Wednesday, December 17, 2008



MathematicS

Victor Katz’s A History of Mathematics: An Introduction is already well known as a comprehensive textbook in the history of mathematics, courageously covering material from ‘ancient civilizations’ to ‘computers and their applications’ in just under 900 pages. In content the third edition (2009) remains essentially the same as the second edition (1998) but it has also been revised and updated. What is new?
Most significantly, since working on the previous edition Katz has edited The Mathematics of Egypt, Mesopotamia, China, India, and Islam, and this has led to substantial changes to A History of Mathematics, with new sections on each of those five regions. Thus new scholarship on the ancient and medieval world has been rapidly introduced into a widely used textbook. In the better known field of Greek mathematics, Euclid’s Elements, so essential to an understanding of later European mathematics, now benefits from a longer treatment than before, and there is also new discussion of the Archimedes palimpsest and the discoveries that have arisen from it.
For later periods of history, where the focus moves to western Europe, there is are helpful separations of material so that, for example, Viète and Stevin, who were so very different in motivation and output, now each have their own subsections; similarly, the mature calculus of Newton and Leibniz is treated separately from the earlier seventeenth-century ‘beginnings of calculus’.
Katz’s revised discussion of eighteenth-century calculus is also differently arranged, with a new section on translating the methods of Newton’s Principia into differential calculus.

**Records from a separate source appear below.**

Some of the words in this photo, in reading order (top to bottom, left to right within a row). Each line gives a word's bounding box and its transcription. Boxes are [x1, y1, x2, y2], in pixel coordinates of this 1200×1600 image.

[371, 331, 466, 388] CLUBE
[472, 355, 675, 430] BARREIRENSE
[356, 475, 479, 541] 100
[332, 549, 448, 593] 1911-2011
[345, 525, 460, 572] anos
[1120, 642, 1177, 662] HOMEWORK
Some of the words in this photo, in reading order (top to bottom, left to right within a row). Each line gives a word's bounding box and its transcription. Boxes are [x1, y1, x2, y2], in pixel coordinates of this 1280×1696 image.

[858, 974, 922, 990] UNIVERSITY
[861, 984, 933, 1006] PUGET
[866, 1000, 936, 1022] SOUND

For the eighteenth century, probability, algebra, and geometry now have a whole chapter each, and there is also a new chapter on probability in the nineteenth century, so that it is now possible to follow the distinct threads of algebra, analysis, probability, and geometry through the second half of the book. The volume ends with a new discussion of twentieth-century solutions to some old problems: Fermat’s last theorem, the four-colour problem, and the Poincaré conjecture.
Despite the welcome updating, some of the problems of earlier editions remain. One is the translation of historical mathematics into modern notation. Of course this is a useful, sometimes necessary, thing to do to aid understanding, but to do it without ever returning to the original texts obscures historical reality. Katz’s account of Newton’s discovery of the general binomial theorem, for example (pp. 547–548), claims that Newton did so by means of an elegant modern formula. This bears little relation to the manuscript evidence of Newton pursuing a lengthy process of trial and error and empirical observation, with a formula of sorts emerging only at the end.

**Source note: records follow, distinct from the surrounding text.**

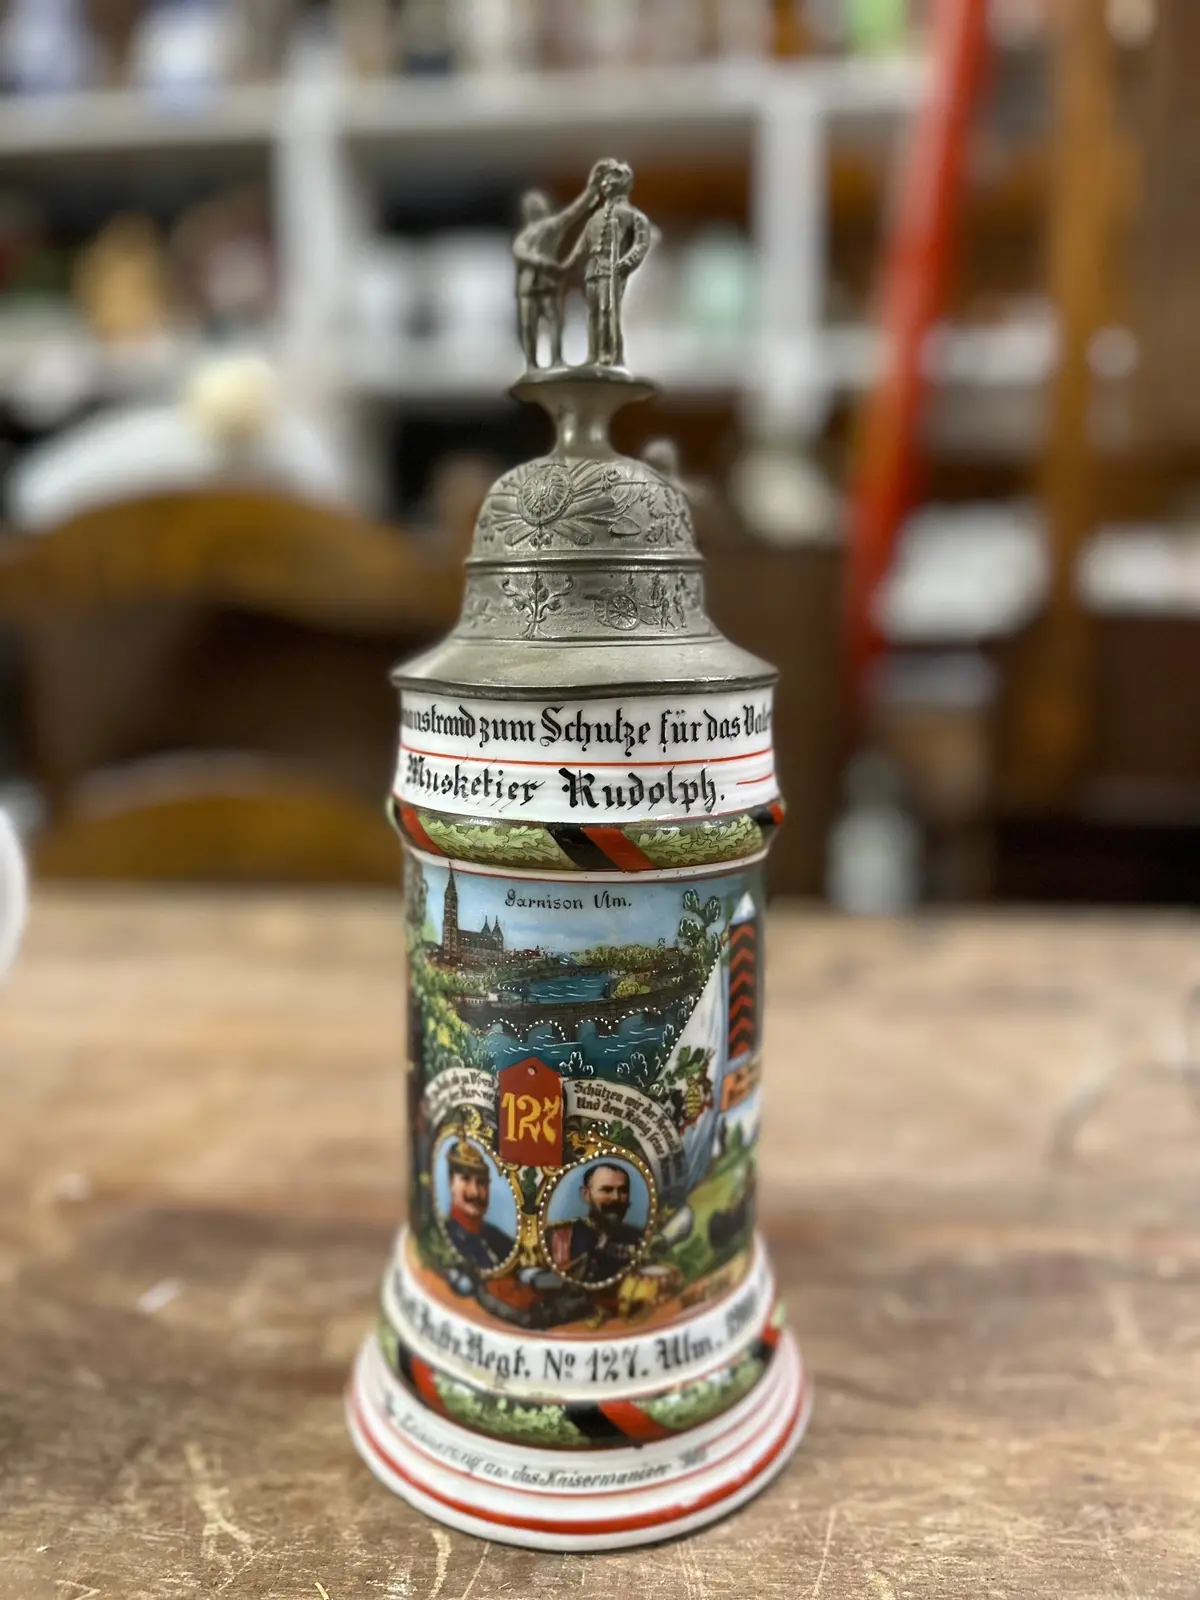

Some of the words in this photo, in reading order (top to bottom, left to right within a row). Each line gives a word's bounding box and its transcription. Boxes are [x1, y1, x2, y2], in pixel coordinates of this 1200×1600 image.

[479, 716, 536, 748] zum
[540, 706, 652, 757] Schutze
[659, 709, 702, 753] für
[703, 709, 741, 741] das
[405, 753, 546, 808] Musketier
[558, 766, 725, 813] Rudolph.
[505, 889, 584, 909] Garnison
[594, 890, 632, 909] Ulm.
[574, 1081, 624, 1104] Schützen
[624, 1096, 645, 1111] wir
[602, 1100, 625, 1117] dem
[585, 1343, 650, 1382] 127.
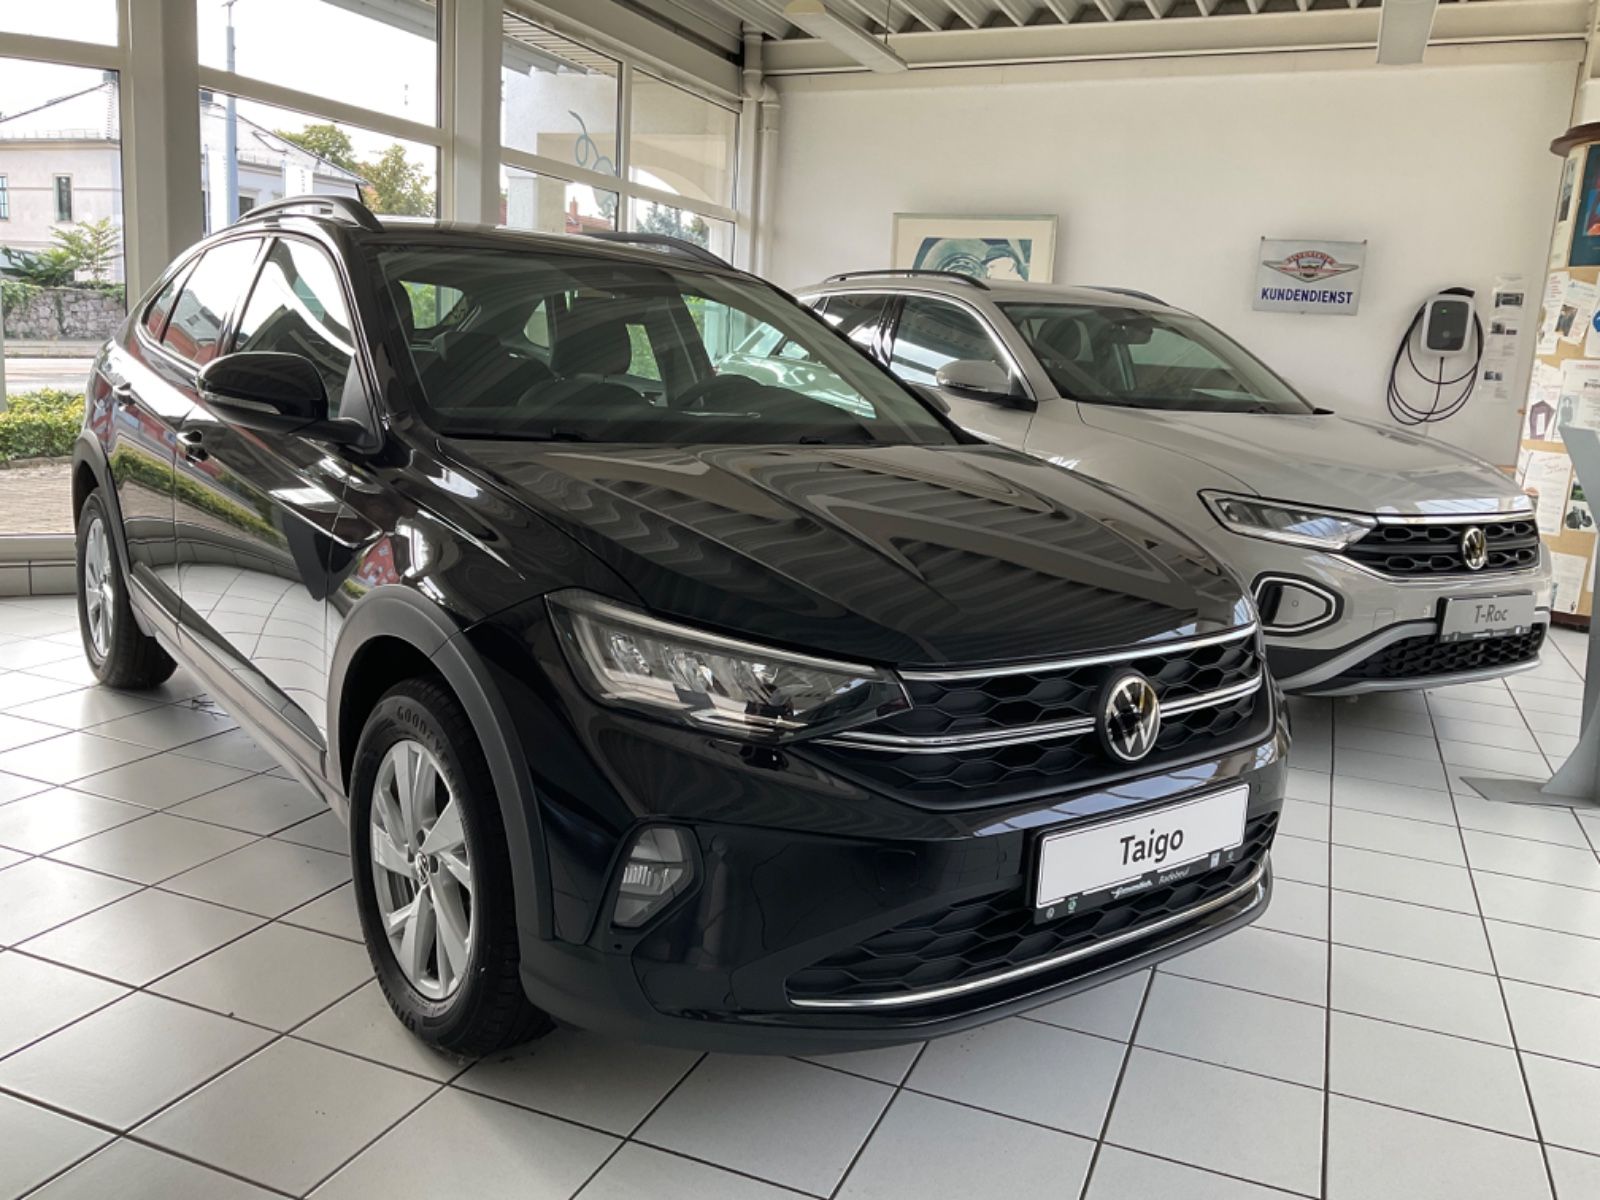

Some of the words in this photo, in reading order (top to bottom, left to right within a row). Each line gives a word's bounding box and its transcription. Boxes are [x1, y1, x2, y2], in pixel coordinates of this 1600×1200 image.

A second problem, which compounds the first, is the lack of references, making it very difficult for readers to return to original sources for themselves. Thus, in the context just discussed of Newton’s binomial theorem, Katz tells us (p. 550) that the infinite series for arcsin appeared for the first time in Europe in De Analysi. A library search for a book of this name, however, will reveal nothing. Newton’s ‘De analysi’, written in 1669 was unpublished for many years (and which, therefore, in keeping with a widely used convention, I write in quotes rather than italic). When it was finally printed, in 1711, it was under the title of Analysis per Quantitatum, Series, Fluxiones, ac Differentias. This, like many other historical mathematical texts, is now available online, a development of inestimable value for historians of mathematics, but in order to identify and find such texts the student needs accurate dates and titles, which Katz all too rarely gives.

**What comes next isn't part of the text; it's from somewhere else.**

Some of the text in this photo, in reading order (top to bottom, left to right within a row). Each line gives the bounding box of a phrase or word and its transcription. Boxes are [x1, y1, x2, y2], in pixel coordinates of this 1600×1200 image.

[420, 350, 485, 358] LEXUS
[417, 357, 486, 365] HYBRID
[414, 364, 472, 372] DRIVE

Lists of references are provided at the end of each chapter, but some are now a little dated. The reference list for algebra in the eighteenth century, for instance (pp. 684–685), lists as ‘recent’ three publications from 1973, 1984, and 1985, and cites only the second edition (why not the first?) of Maclaurin’s A Treatise of Algebra (1748).
Updating a book of this length is, of course, a major undertaking, but it is a pity that some of these shortcomings of earlier editions could not have been addressed in the latest round of revisions. Nevertheless, Katz’s A History of Mathematics remains, as it has been for some years, the most comprehensive textbook available in the history of mathematics, and for this reason alone is a valuable resource for students and teacher alike.